3. Spectral Alignment (Resonance)

Modes that align with the manifold's eigenstructure persist under repeated composition. Non-resonant modes decay as e^(-λt).

Epistemic boundary: Spectral alignment filters, stabilizes, and selects. It does not alone guarantee semantic correctness. A resonant mode may be stably wrong.

Experimental Validation

Setup

Model: 2-layer transformer, d_model=64, 4 attention heads
Task: Next-token prediction on sequences with controlled semantic drift (Tonnetz-adjacent valid continuations)
Conditions: Baseline, mHC, Toroidal, Random (negative control)
Hardware: CPU only (~4 minutes total)

Results

============================================================
RESULTS SUMMARY
============================================================

Condition    | Final Drift  | Final Coh.Var  | Grad Norm
------------------------------------------------------------
baseline     | 0.0100       | 35.76          | 0.27
mhc          | 0.0133       | 1010.54        | 1.60
toroidal     | 0.0060       | 41.93          | 0.22
random       | 0.1673       | 113.88         | 0.78

Key Findings

Metric	Winner	Interpretation
Drift Rate	Toroidal (0.006)	40% lower than baseline, 96% lower than random
Grad Norm	Toroidal (0.22)	Most stable training
Coherence Var	Baseline (35.8)	But mHC exploded (1010!)
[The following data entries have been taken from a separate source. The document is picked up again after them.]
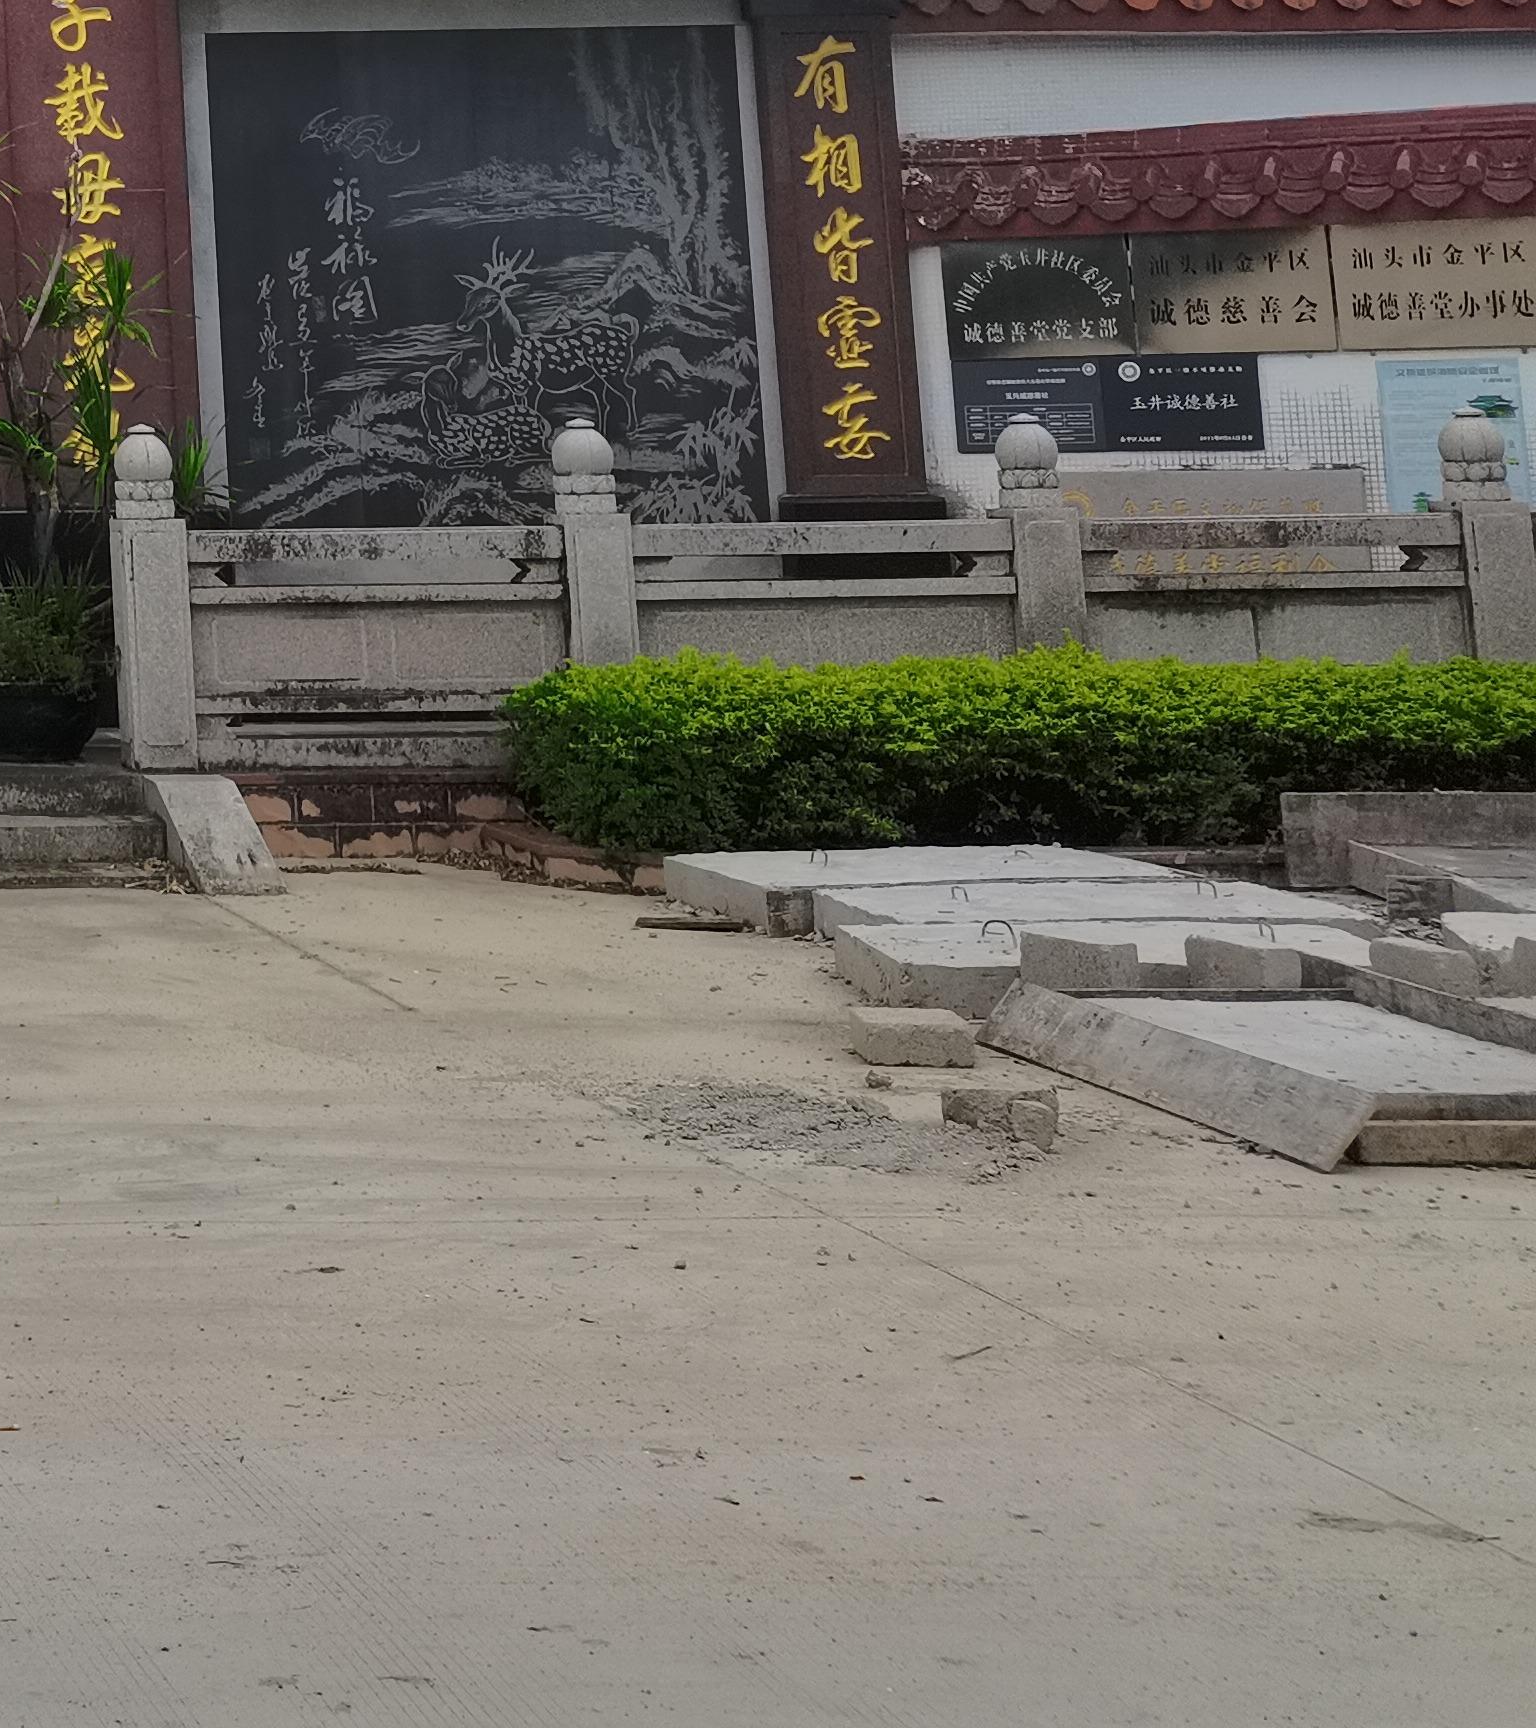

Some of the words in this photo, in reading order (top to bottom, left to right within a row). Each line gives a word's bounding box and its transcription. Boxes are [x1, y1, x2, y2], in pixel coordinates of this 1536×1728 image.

[1147, 246, 1310, 278] 汕头市金平区
[1351, 239, 1527, 272] 汕头市金平区
[953, 246, 1123, 315] 中国共产党玉井社区委员会
[1148, 294, 1319, 327] 诚德慈善会
[1351, 286, 1536, 324] 诚德善堂办事处
[962, 316, 1120, 345] 诚德善堂党支部
[1129, 391, 1240, 413] 玉井诚德善社
Critical Insight: Negative Control

Random graph masking (same sparsity, no topological structure) has drift rate 0.167 vs toroidal's 0.006.

That's a 28x difference.

This proves:

It's not "any constraint" that works
It's specifically topological structure
Sparsity alone is insufficient; geometry is necessary

Interpretation

Toroidal constraint reduces long-range semantic jumps under a topology-aligned task
mHC increases drift slightly despite being more "regularized" — confirms that constraint ≠ structure
Gradient stability improves under local topological constraints but degrades under global doubly-stochastic coupling
Baseline minimizes raw hidden-state variance but does not prevent semantic drift; toroidal attention trades a small increase in variance for a substantial reduction in drift

The catastrophic coherence variance under mHC (1010 vs ~40) suggests that doubly-stochastic constraints without spectral or geometric locality introduce global coupling instabilities.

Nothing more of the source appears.